看起来还可接受,但是为了更准确地做出决定,我们需要查看我们的模型究竟在什么地方犯了错。首先我们可以通过混淆矩阵来看一看。

import numpy as np
import itertools
from sklearn.metrics import confusion_matrix

def plot_confusion_matrix(cm, classes, 
                          normalize=False, 
                          title='Confusion matrix', 
                          cmap=plt.cm.Blues):
    if normalize:
        cm = cm.astype('float')/cm.sum(axis=1)[:, np.newaxis]
    plt.imshow(cm, interpolation='nearest', cmap=cmap)
    plt.title(title, fontsize=30)
    plt.colorbar()
    tick_marks = np.arange(len(classes)) 
    plt.xticks(tick_marks, classes, fontsize=20)
    plt.yticks(tick_marks, classes, fontsize=20)
    
    fmt = '.2f' if normalize else 'd'
    thresh = cm.max()/2.
    
    for i,j in itertools.product(range(cm.shape[0]), range(cm.shape[1])):
        plt.text(j, i, format(cm[i, j], fmt), horizontalalignment='center',
                color='black' if cm[i, j] < thresh else 'white', fontsize=40)
        
        plt.tight_layout()
        plt.ylabel('True label', fontsize=30)
        plt.xlabel('Predicted label', fontsize=30)
        
    return plt

cm = confusion_matrix(y_test, y_predicted_counts)
fig = plt.figure(figsize=(10,10))
plot = plot_confusion_matrix(cm, 
                             classes= ['Not Relevant','Relevant',"Can't Decide"], 
                             normalize=False,
                             title='Confusion Matrix')
plt.show()
print(cm)

结果如下:
自然语言处理(NLP)-----文本分类、文本生成实践(学习笔记)_第4张图片
看得出第三种分类并没有被预测对,这是正常的,因为他在总体中占比过小,这里忽略它对整体的影响并不大。
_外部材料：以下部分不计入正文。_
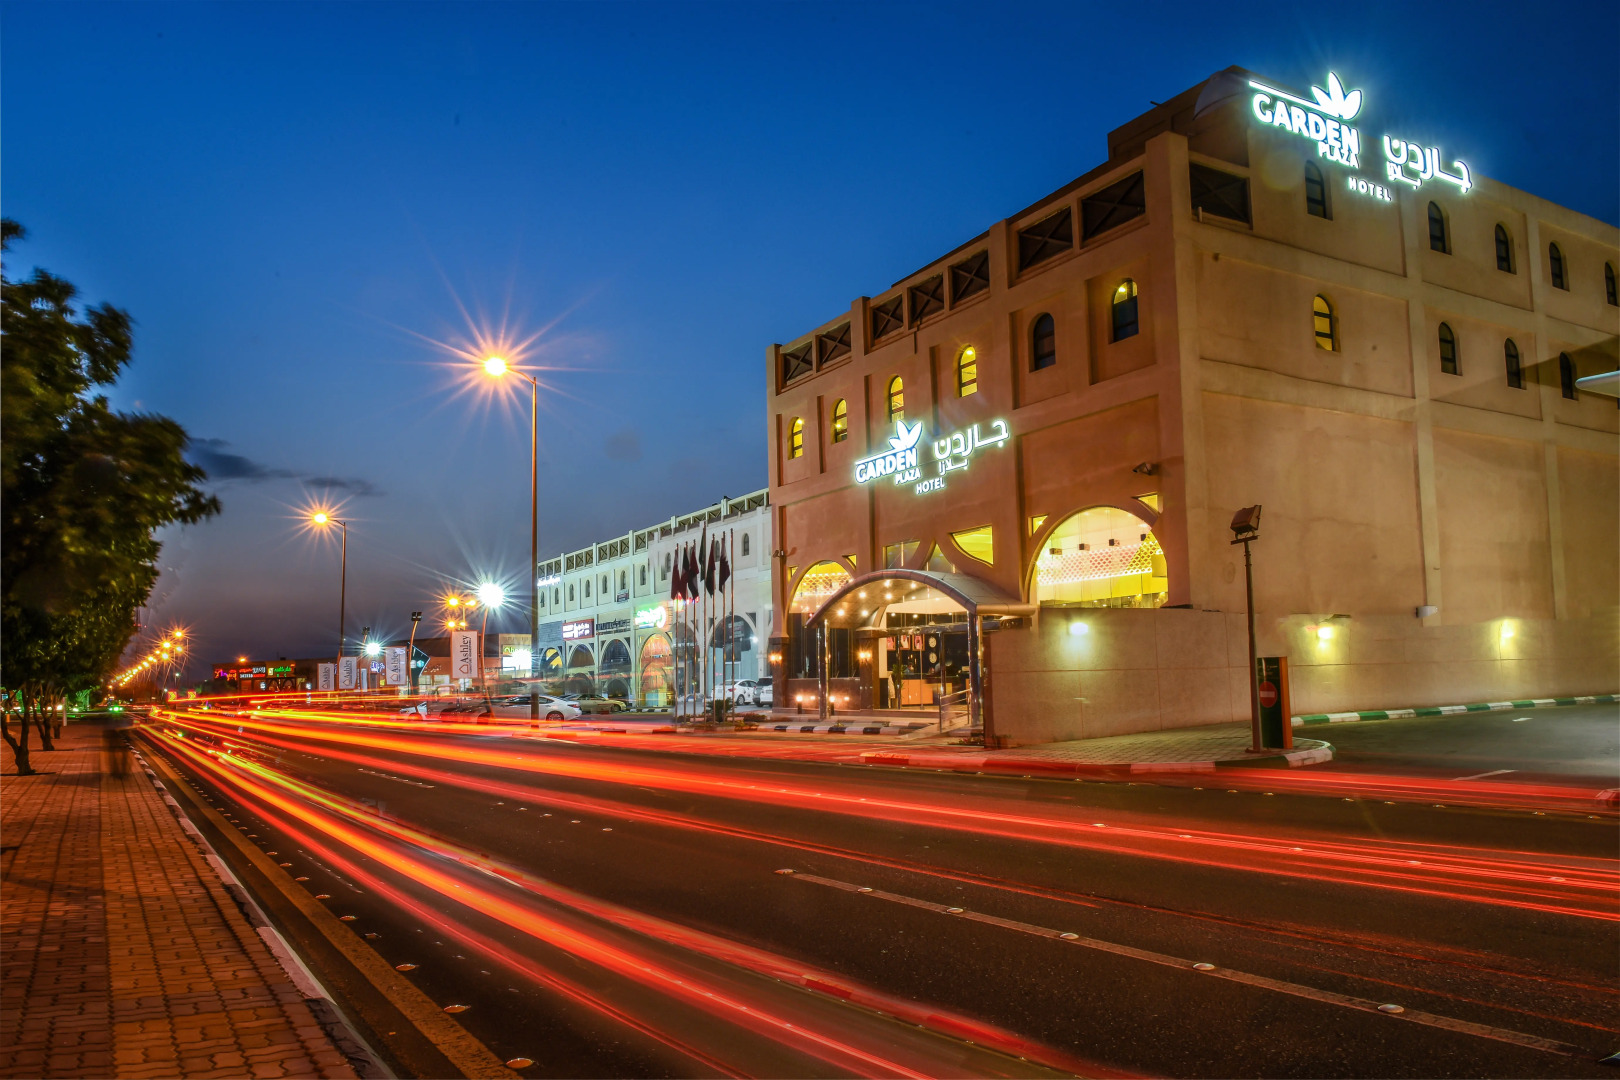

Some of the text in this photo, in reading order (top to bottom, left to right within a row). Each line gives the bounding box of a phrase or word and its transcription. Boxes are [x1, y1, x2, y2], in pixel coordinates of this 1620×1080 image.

[1252, 92, 1360, 154] GARDEN
[1318, 142, 1360, 169] PLAZA
[1384, 135, 1473, 193] جاردن
[1348, 177, 1392, 201] HOTEL
[933, 419, 1010, 460] جاردن
[855, 448, 918, 484] GARDEN
[895, 468, 922, 485] PLAZA
[938, 458, 969, 475] بلازا
[916, 477, 945, 495] HOTEL
[459, 635, 470, 664] Ashley
比起假正例(预测为灾难实际无关)来说我们的模型生成了更多的假负例(预测为无关实际为灾难),根据实际情况来看这应是比较理想的,因为误警报可能会造成很大的资源浪费。

除了混淆矩阵而外,我们还可以查看对我们的模型影响比较大的特征:

def get_most_important_features(vectorizer, model, n=5):
    index_to_word = {v:k for k,v in vectorizer.vocabulary_.items()}
    
    # loop fpr each class
    classes = {}
    for class_index in range(model.coef_.shape[0]):
        word_importances = [(el, index_to_word[i]) for i, el in enumerate(model.coef_[class_index])]
        sorted_coeff = sorted(word_importances, key=lambda x: x[0], reverse=True)
        tops = sorted_coeff[:n]
        bottom = sorted_coeff[-n:]
        classes[class_index] = {'tops': tops,
                               'bottom': bottom}
    return classes

importance = get_most_important_features(count_vectorizer, clf, 10)
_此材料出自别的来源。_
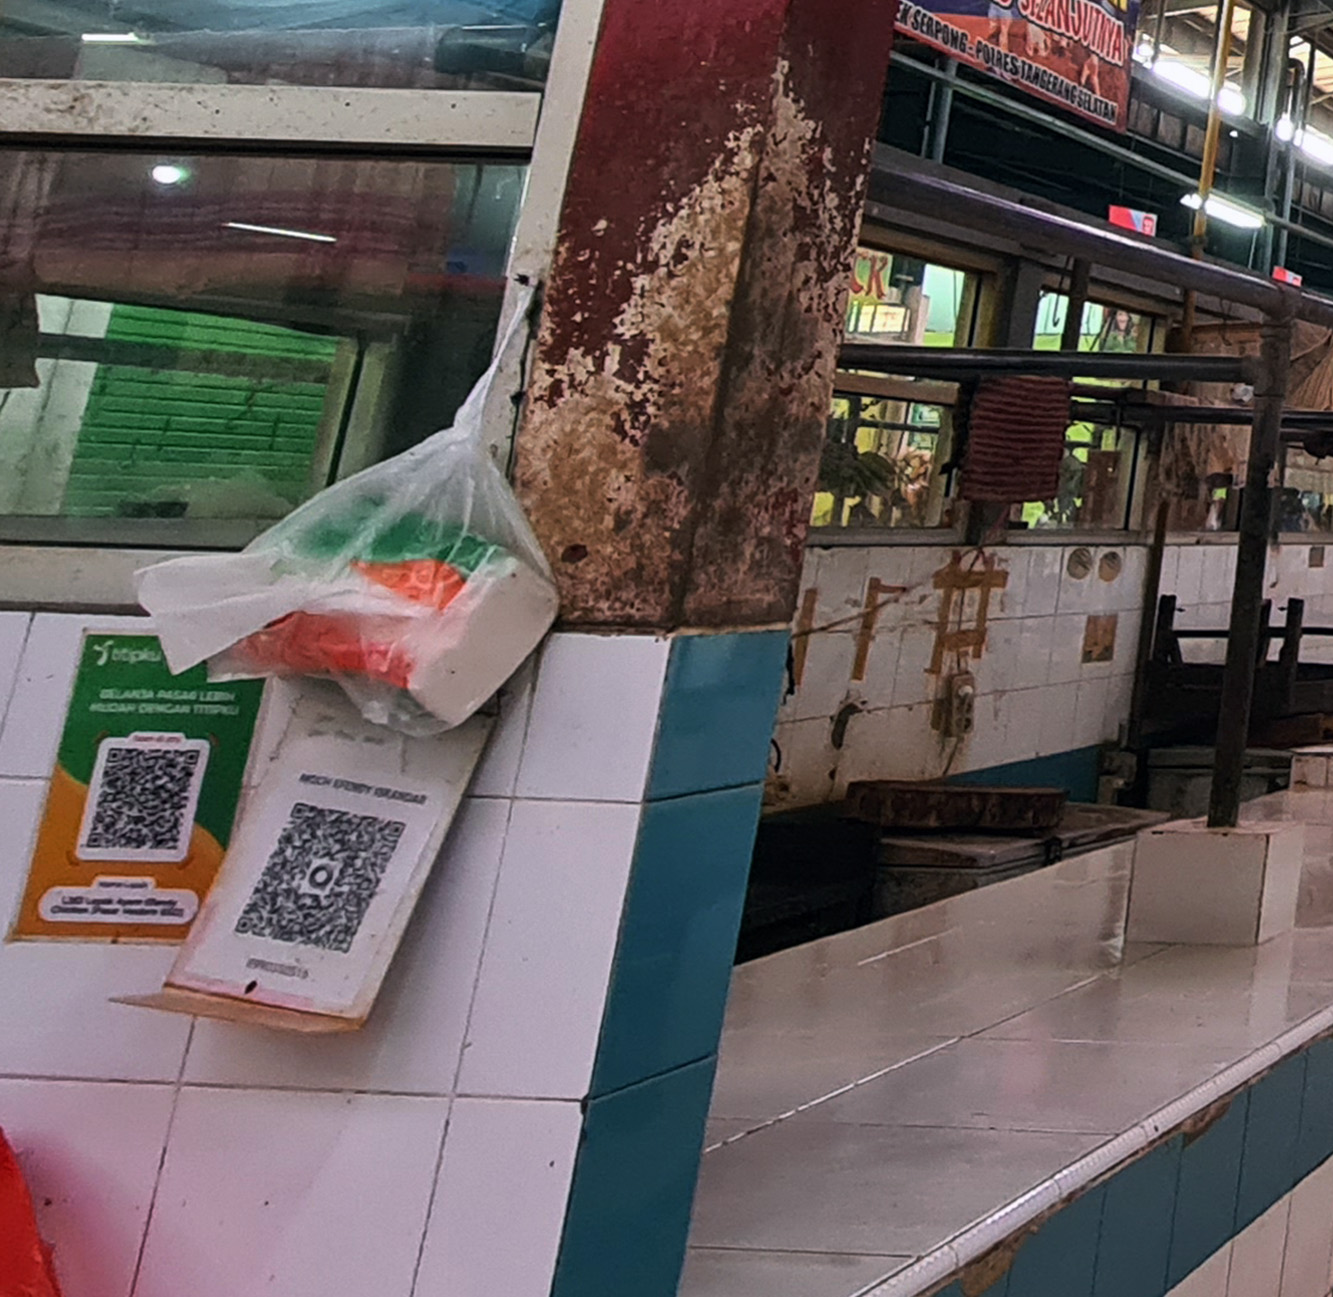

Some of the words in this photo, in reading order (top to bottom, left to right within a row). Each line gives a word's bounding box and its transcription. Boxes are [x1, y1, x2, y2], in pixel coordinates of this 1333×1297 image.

[911, 8, 968, 54] SERPONG
[1020, 58, 1076, 104] TANGERANG
[1077, 86, 1118, 123] SELATAN
def plot_important_words(top_scores, top_words, bottom_scores, bottom_words, name):
    y_pos = np.arange(len(top_words))
    top_pairs = [(a, b) for a,b in zip(top_words, top_scores)]
    top_pairs = sorted(top_pairs, key=lambda x: x[1])
    
    bottom_pairs = [(a, b) for a,b in zip(bottom_words, bottom_scores)]
    bottom_pairs = sorted(bottom_pairs, key=lambda x: x[1], reverse=True)
    
    top_words = [a[0] for a in top_pairs]
    top_scores = [a[1] for a in top_pairs]
    
    bottom_words = [a[0] for a in bottom_pairs]
    bottom_scores = [a[1] for a in bottom_pairs]
    
    fig = plt.figure(figsize=(10,10))
    
    plt.subplot(121)
    plt.barh(y_pos, bottom_scores, align='center', alpha=0.5)
    plt.title('Not Relevant',fontsize=20)
    plt.yticks(y_pos, bottom_words, fontsize=14)
    plt.suptitle('Key words', fontsize=16)
    plt.xlabel('Importance',fontsize=20)
    
    plt.subplot(122)
    plt.barh(y_pos, top_scores, align='center', alpha=0.5)
    plt.title('Relevant', fontsize=20)
    plt.yticks(y_pos, top_words, fontsize=14)
    plt.suptitle(name, fontsize=16)
    plt.xlabel('Importance', fontsize=20)
    
    plt.subplots_adjust(wspace=0.8)
    plt.show()
    
top_scores = [a[0] for a in importance[1]['tops']]
top_words = [a[1] for a in importance[1]['tops']]
bottom_scores = [a[0] for a in importance[1]['bottom']]
bottom_words = [a[1] for a in importance[1]['bottom']]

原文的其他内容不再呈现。